#### What you have to do
Return each entry below word for word, leaving out any image.

Text-to-region grounding data
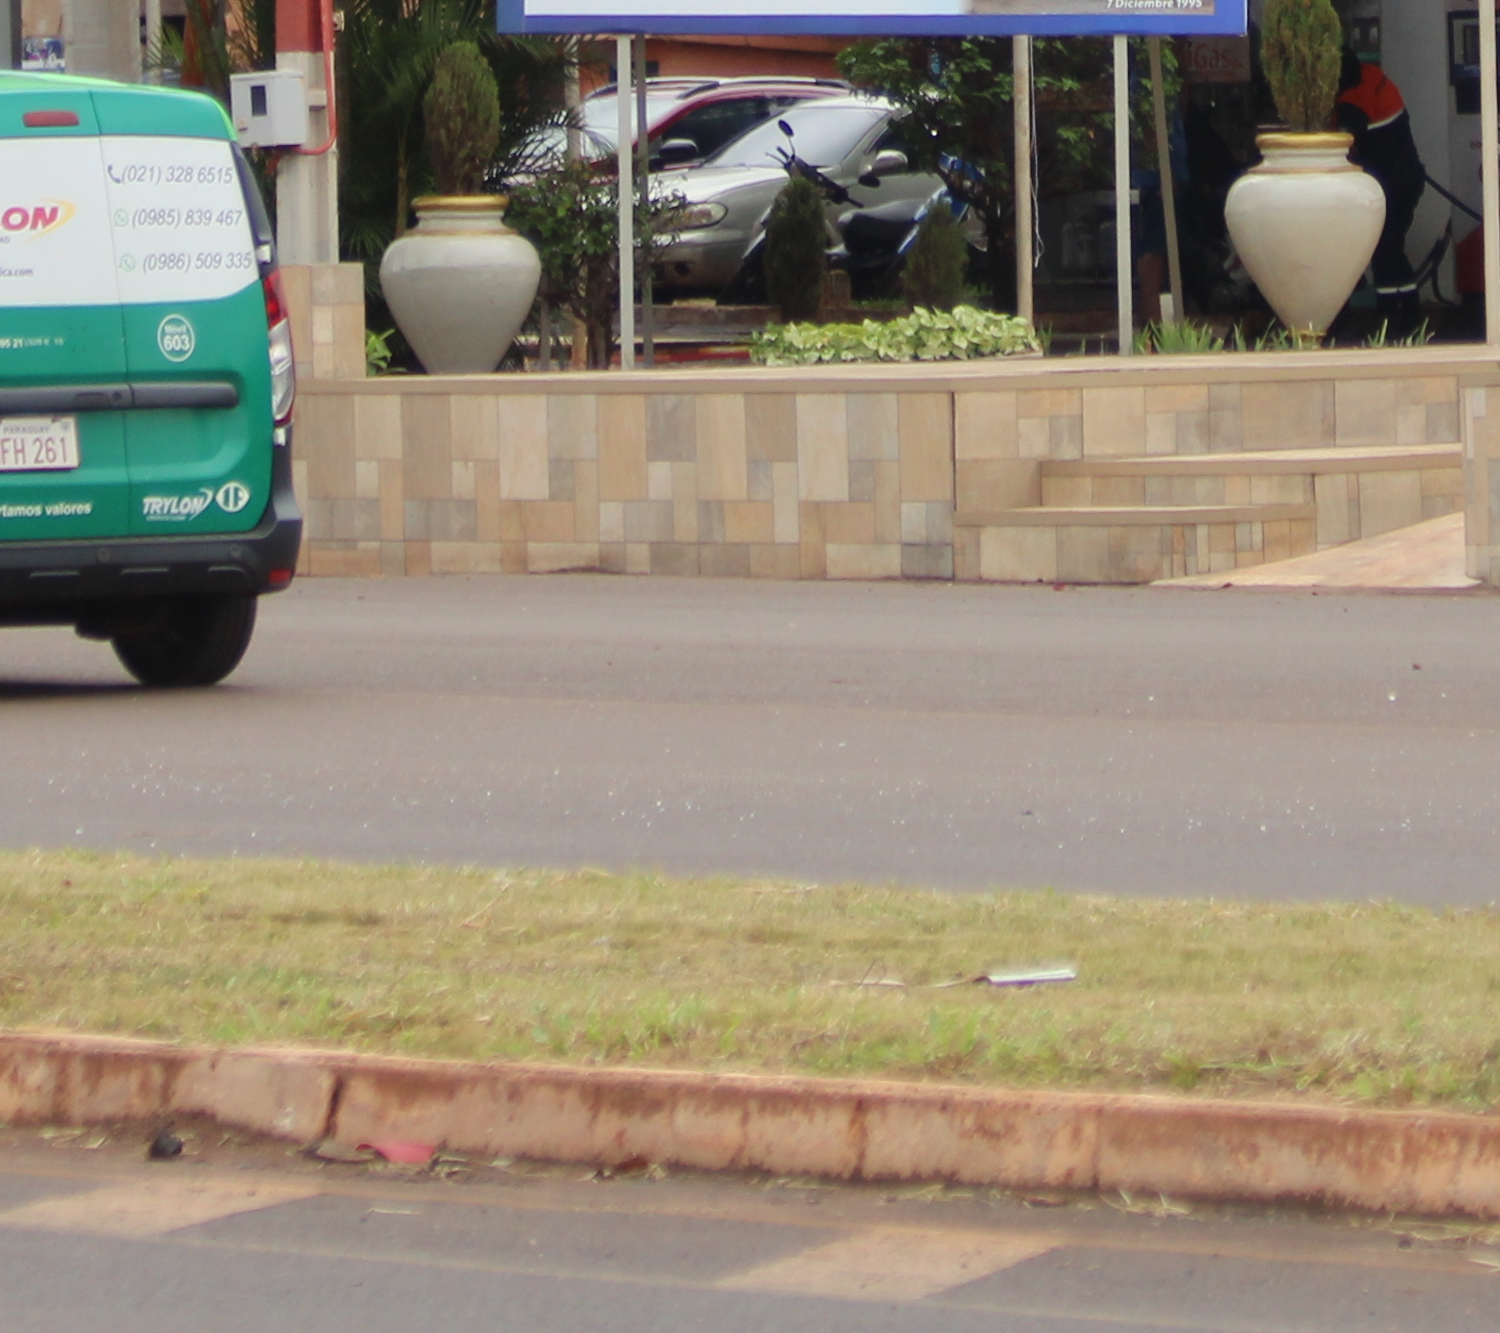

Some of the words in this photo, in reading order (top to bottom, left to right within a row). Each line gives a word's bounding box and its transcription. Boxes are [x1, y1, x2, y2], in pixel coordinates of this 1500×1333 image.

[121, 165, 161, 186] (021)
[166, 165, 193, 183] 328
[197, 166, 233, 184] 6515
[132, 209, 180, 229] (0985)
[185, 209, 212, 226] 839
[216, 209, 243, 226] 467
[143, 253, 191, 274] (0986)
[194, 252, 222, 269] 509
[225, 251, 253, 269] 335
[12, 337, 23, 349] 21
[164, 334, 190, 351] 603
[33, 437, 67, 464] 261
[45, 501, 92, 517] valores
[143, 496, 205, 514] TRYLON

#### Your response
Some of the words in this photo, in reading order (top to bottom, left to right within a row). Each line gives a word's bounding box and its transcription. Boxes are [x1, y1, x2, y2], in pixel coordinates of this 1500×1333 image.

[121, 165, 161, 186] (021)
[166, 165, 193, 183] 328
[197, 166, 233, 184] 6515
[132, 209, 180, 229] (0985)
[185, 209, 212, 226] 839
[216, 209, 243, 226] 467
[143, 253, 191, 274] (0986)
[194, 252, 222, 269] 509
[225, 251, 253, 269] 335
[12, 337, 23, 349] 21
[164, 334, 190, 351] 603
[33, 437, 67, 464] 261
[45, 501, 92, 517] valores
[143, 496, 205, 514] TRYLON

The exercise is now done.